> _Task details_
Look through the records below and copy each line that includes the word "Heat".

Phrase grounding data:
Content starts

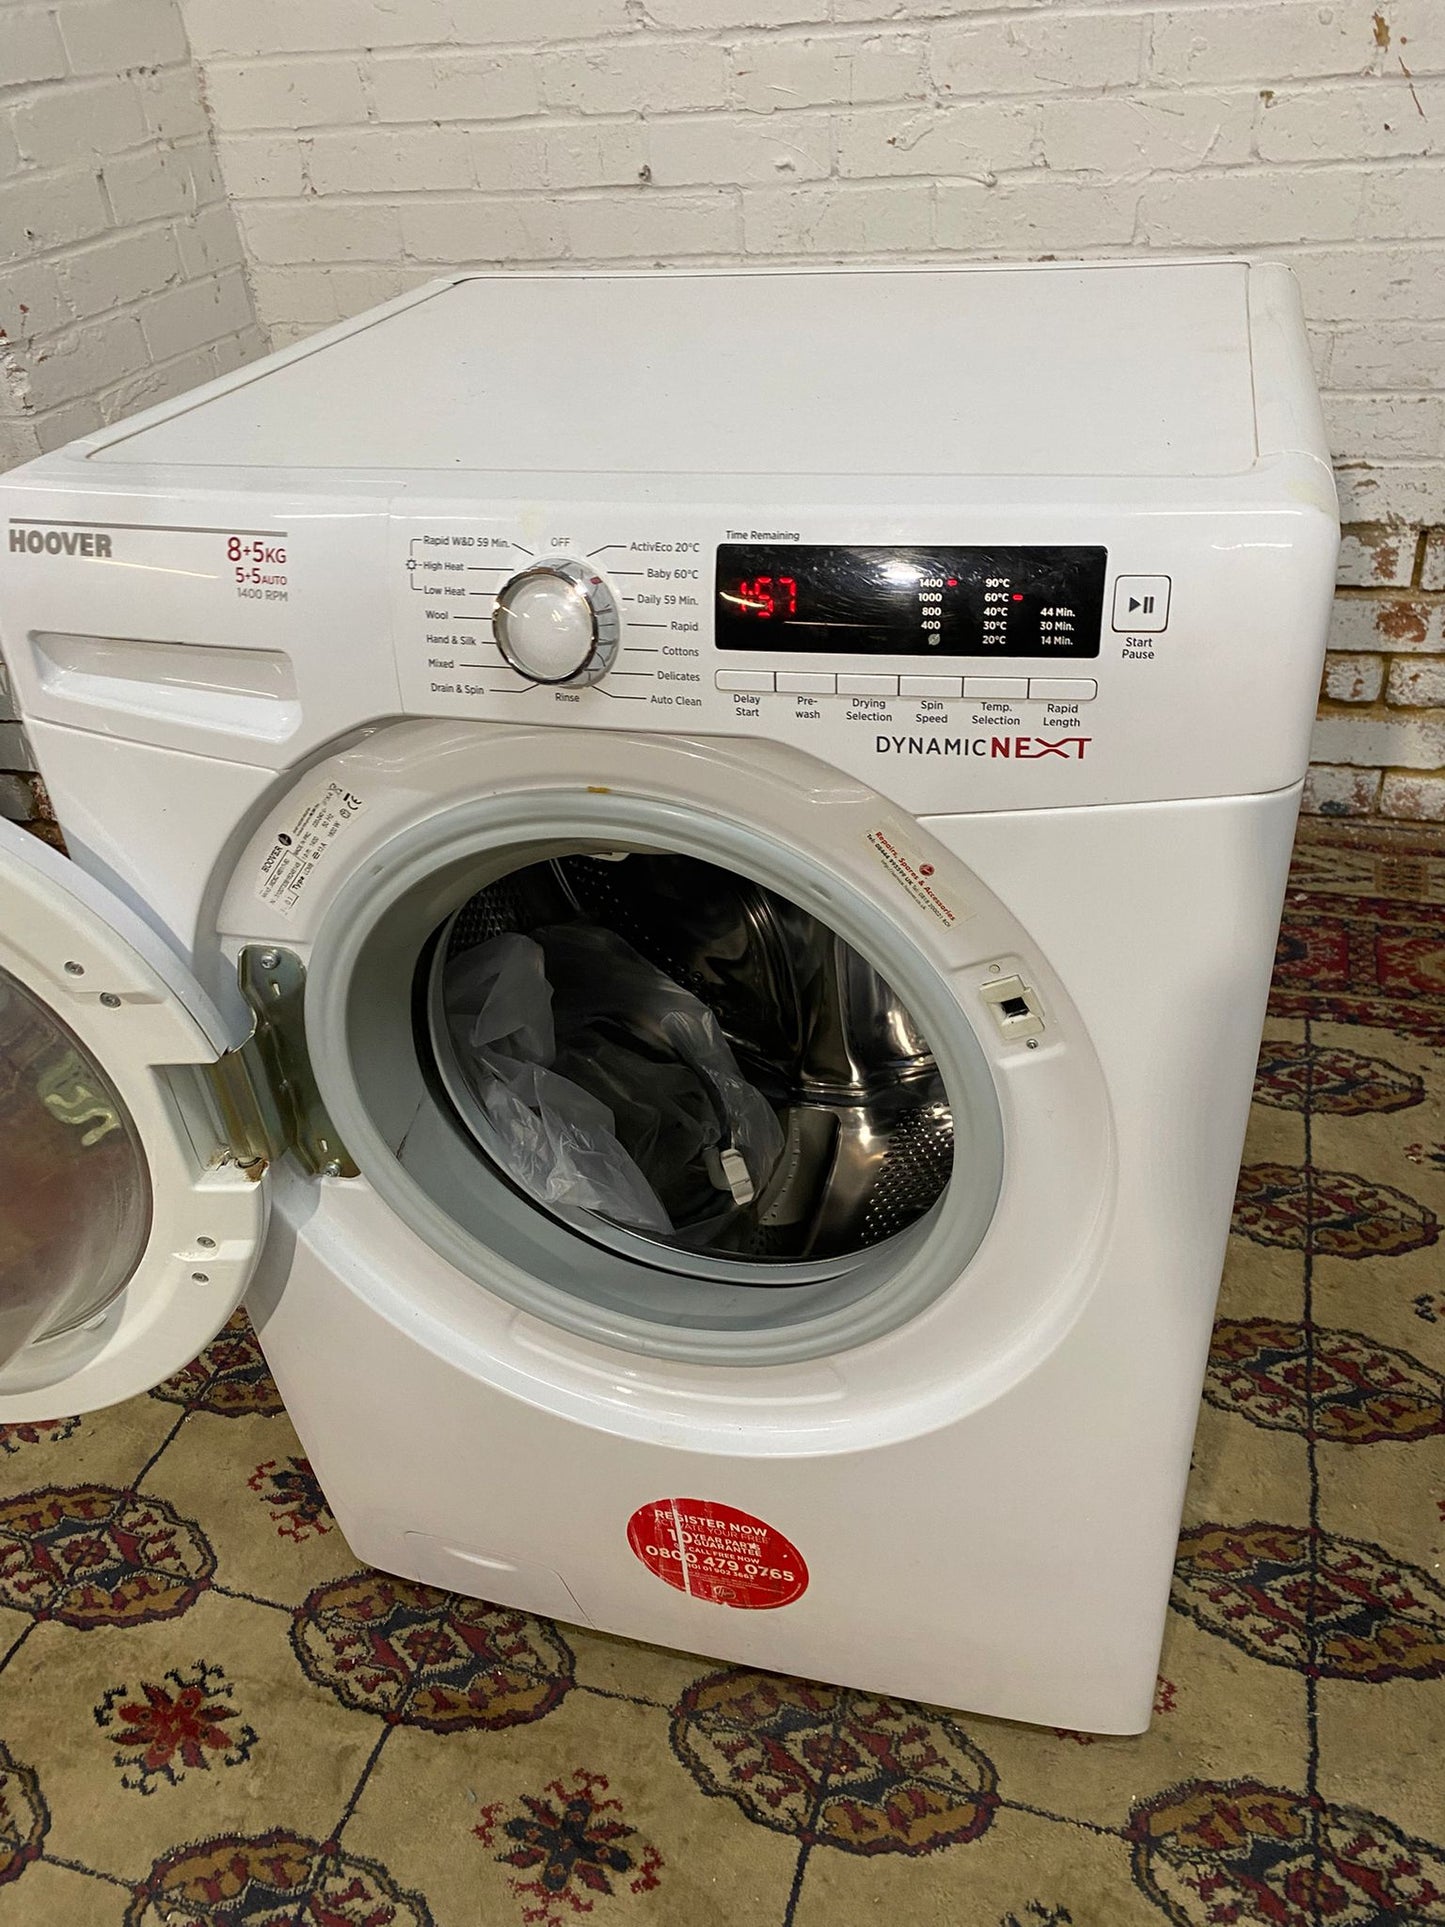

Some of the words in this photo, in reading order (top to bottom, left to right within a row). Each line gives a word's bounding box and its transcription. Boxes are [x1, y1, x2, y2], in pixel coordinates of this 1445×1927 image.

[423, 535, 449, 547] Rapid
[452, 537, 474, 546] W&D
[477, 537, 489, 547] 59
[492, 538, 510, 547] Min.
[726, 531, 748, 540] Time
[751, 531, 800, 541] Remaining
[9, 530, 112, 557] HOOVER
[551, 538, 570, 547] OFF
[630, 542, 672, 552] ActivEco
[676, 542, 700, 552] 20°C
[228, 537, 286, 563] 8+5KG
[423, 562, 442, 572] High
[444, 563, 464, 572] Heat
[648, 569, 670, 580] Baby
[674, 569, 698, 579] 60°C
[920, 579, 942, 588] 1400
[986, 578, 1010, 588] 90°C
[237, 588, 262, 599] 1400
[265, 590, 288, 601] RPM
[425, 586, 441, 595] Low
[444, 586, 465, 596] Heat
[638, 594, 662, 606] Daily
[665, 595, 676, 605] 59
[679, 596, 699, 605] Min.
[919, 594, 942, 602] 1000
[984, 593, 1008, 602] 60°C
[426, 610, 448, 619] Wool
[922, 608, 941, 616] 800
[984, 608, 1008, 616] 40°C
[1040, 608, 1054, 616] 44
[1056, 608, 1075, 617] Min.
[672, 622, 698, 633] Rapid
[921, 621, 940, 630] 400
[983, 621, 1006, 630] 30°C
[1040, 622, 1052, 630] 30
[1054, 622, 1074, 630] Min.
[427, 635, 449, 645] Hand
[452, 636, 459, 644] &
[460, 636, 476, 645] Silk
[982, 636, 1006, 644] 20°C
[1041, 636, 1052, 644] 14
[1054, 636, 1073, 645] Min.
[1126, 638, 1152, 647] Start
[663, 647, 699, 657] Cottons
[1122, 650, 1154, 659] Pause
[429, 660, 454, 669] Mixed
[657, 671, 700, 681] Delicates
[431, 683, 454, 693] Drain
[456, 684, 462, 693] &
[465, 685, 484, 695] Spin
[555, 693, 580, 703] Rinse
[651, 695, 673, 705] Auto
[675, 696, 701, 707] Clean
[734, 694, 760, 704] Delay
[797, 696, 817, 706] Pre-
[853, 699, 886, 709] Drying
[921, 701, 943, 711] Spin
[981, 703, 1012, 712] Temp.
[1048, 704, 1078, 714] Rapid
[736, 707, 759, 717] Start
[796, 710, 820, 719] wash
[847, 712, 892, 721] Selection
[916, 714, 948, 724] Speed
[972, 716, 1020, 726] Selection
[1044, 717, 1080, 728] Length
[867, 833, 875, 843] Tel:
[905, 877, 913, 885] UK
[875, 831, 898, 858] Repairs,
[898, 857, 919, 880] Spares
[924, 886, 955, 921] Accessories
[292, 876, 305, 890] Type
[708, 1527, 739, 1538] YOUR
[730, 1524, 767, 1536] NOW
[693, 1532, 723, 1543] YEAR
[694, 1540, 762, 1557] GUARANTEE
[689, 1547, 711, 1556] CALL
[713, 1551, 737, 1561] FREE
[738, 1556, 760, 1564] NOW
[646, 1545, 698, 1563] 0800
[704, 1556, 739, 1571] 479
[745, 1564, 794, 1582] 0765

Content ends

> _Output of the task_
[444, 563, 464, 572] Heat
[444, 586, 465, 596] Heat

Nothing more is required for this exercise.